En Île-de-France, des formations sociales face aux ruptures de parcours
En Île-de-France, les formations sociales peinent à attirer et à retenir leurs étudiants, malgré des besoins de recrutements élevés. La région et les organismes de formation cherchent à remédier à ce problème.
© Unaforis) et Adobe stock/ Colloque organisé par Unaforis
En Île-de-France, les formations franciliennes aux métiers du social sont à la peine. Les établissements comptent moins d’étudiants que de places disponibles, malgré la mise en visibilité des cursus via Parcourssup. En 2024, 366 candidats ont été admis en cursus d’assistant de service social pour 445 places, selon l’Institut Paris Région. Et avec les abandons en cours de formation, seuls 52% des étudiants inscrits en 2020 ont obtenu leur diplôme d’assistant social trois ans plus tard, contre une moyenne nationale de 71%.

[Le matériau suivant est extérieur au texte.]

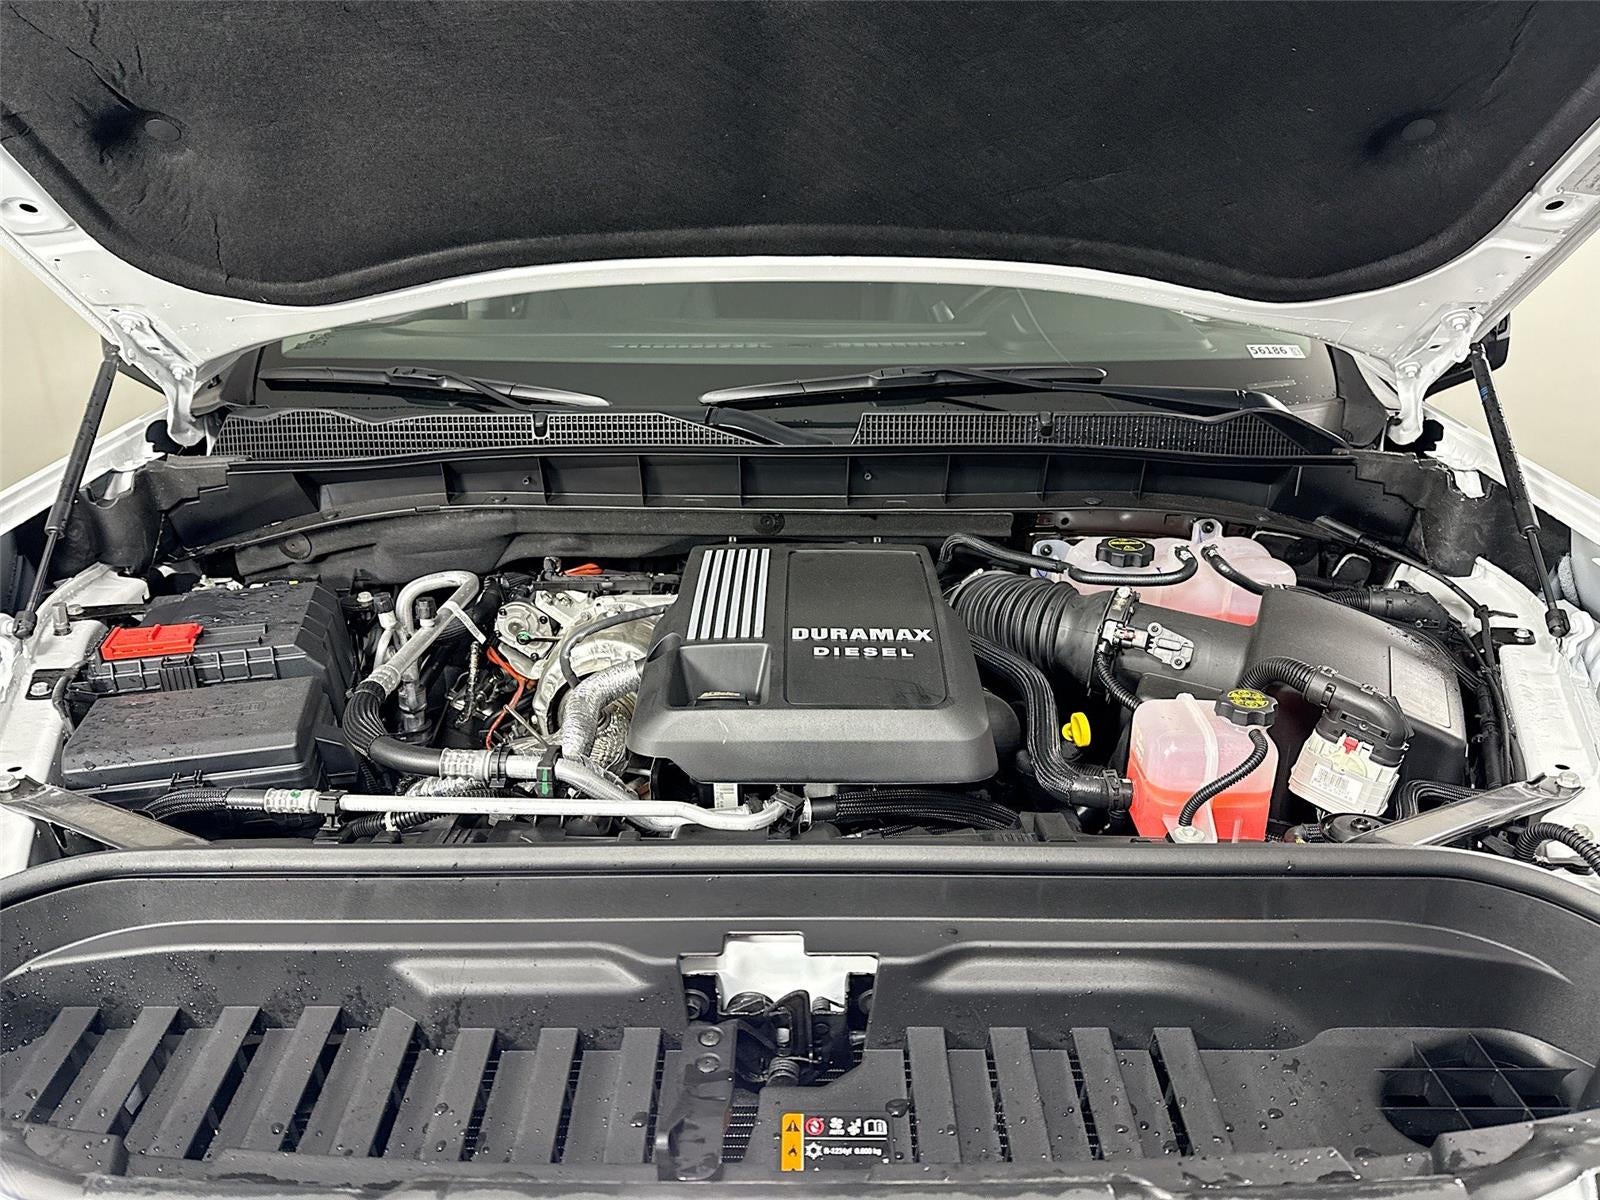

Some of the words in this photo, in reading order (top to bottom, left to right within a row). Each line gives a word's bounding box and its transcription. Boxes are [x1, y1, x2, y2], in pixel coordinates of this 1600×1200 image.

La région Île-de-France cherche donc les bonnes voies pour stopper l’hémorragie dans ce métier ou encore celui d’éducateur de jeunes enfants ou d’éducateur spécialisé. Et ce, dans un contexte contraint sur le plan budgétaire. Il ne s’agit pas d’ouvrir des places mais de "diplômer plus". "Les étudiants doivent être informés, motivés, et l’appareil de formation doit délivrer une formation de qualité à un coût soutenable", prévient Catherine Ladoy, directrice des formations sanitaires et sociales au conseil régional, lors d’un colloque organisé le 4 février dernier à la région Île-de-France par l'Union nationale des acteurs de la formation et de la recherche en intervention sociale (Unaforis)
Erreurs d’orientation
Depuis plusieurs années, les établissements composent avec un public plus jeune à plus fort risque de décrochage. En cause : des erreurs d’orientation, liées à la méconnaissance du secteur. Dans ce contexte, l’étape du stage se transforme souvent en moment critique. C’est à ce moment-là que certains étudiants peuvent découvrir qu’ils ne sont pas faits pour ce métier ou faire l’expérience de conditions de travail trop difficiles. "Un stage bien vécu, c’est une augmentation de la motivation. Un stage mal vécu, ça peut être une cassure, un abandon des études", rappelle Christophe Ribeiro, vice-président de la Fédération nationale des étudiants en milieu social.
Pour prévenir les ruptures, l’exercice d’un stage ou d’un bénévolat avant l’orientation semble être efficace. "On s’est aperçu que si les gens avaient fait au moins un stage [avant leur inscription], ils restaient plus souvent en formation", observe l’ancien directeur général de la Fondation ITSRS, Eric Marchandet. De la même manière, il observe que l’apprentissage permet de mieux "arrimer" les étudiants à la formation. Le niveau académique doit lui aussi être souvent travaillé, d’où une enveloppe régionale supplémentaire de 180.000 euros visant à reprendre les bases.
Passerelle avec l’université
De son côté, la région mise sur les "Cordées de la réussite", un dispositif où des représentants d’établissements de l’enseignement supérieur viennent à la rencontre des lycéens pour les aider à bâtir un projet d’orientation. Dans l’Essonne, un établissement de formation au travail social s’implique dans ce dispositif.
Autre stratégie : faciliter les réorientations des étudiants au sein du secteur. Une convention a été signée avec l’université Paris Nanterre pour faciliter les passages des étudiants en licence de sciences de l’éducation vers le parcours "accompagnant socio-éducatif" ou vers les diplômes d’État auxquels préparent les établissements de formation en travail social, et sans perdre leurs acquis. La réforme des diplômes du travail social, censée faciliter les réorientations à l’intérieur de ce champ très large et qui va s’appliquer à partir de 2026, est vue d’un bon œil par la région.
La région cible aussi les demandeurs d’emploi. "On travaille avec France Travail avec la volonté de renforcer l’information et le lien avec les employeurs pour faire découvrir la formation et le métier", souligne Catherine Ladoy, qui parie là encore sur les immersions professionnelles comme outil de réorientation.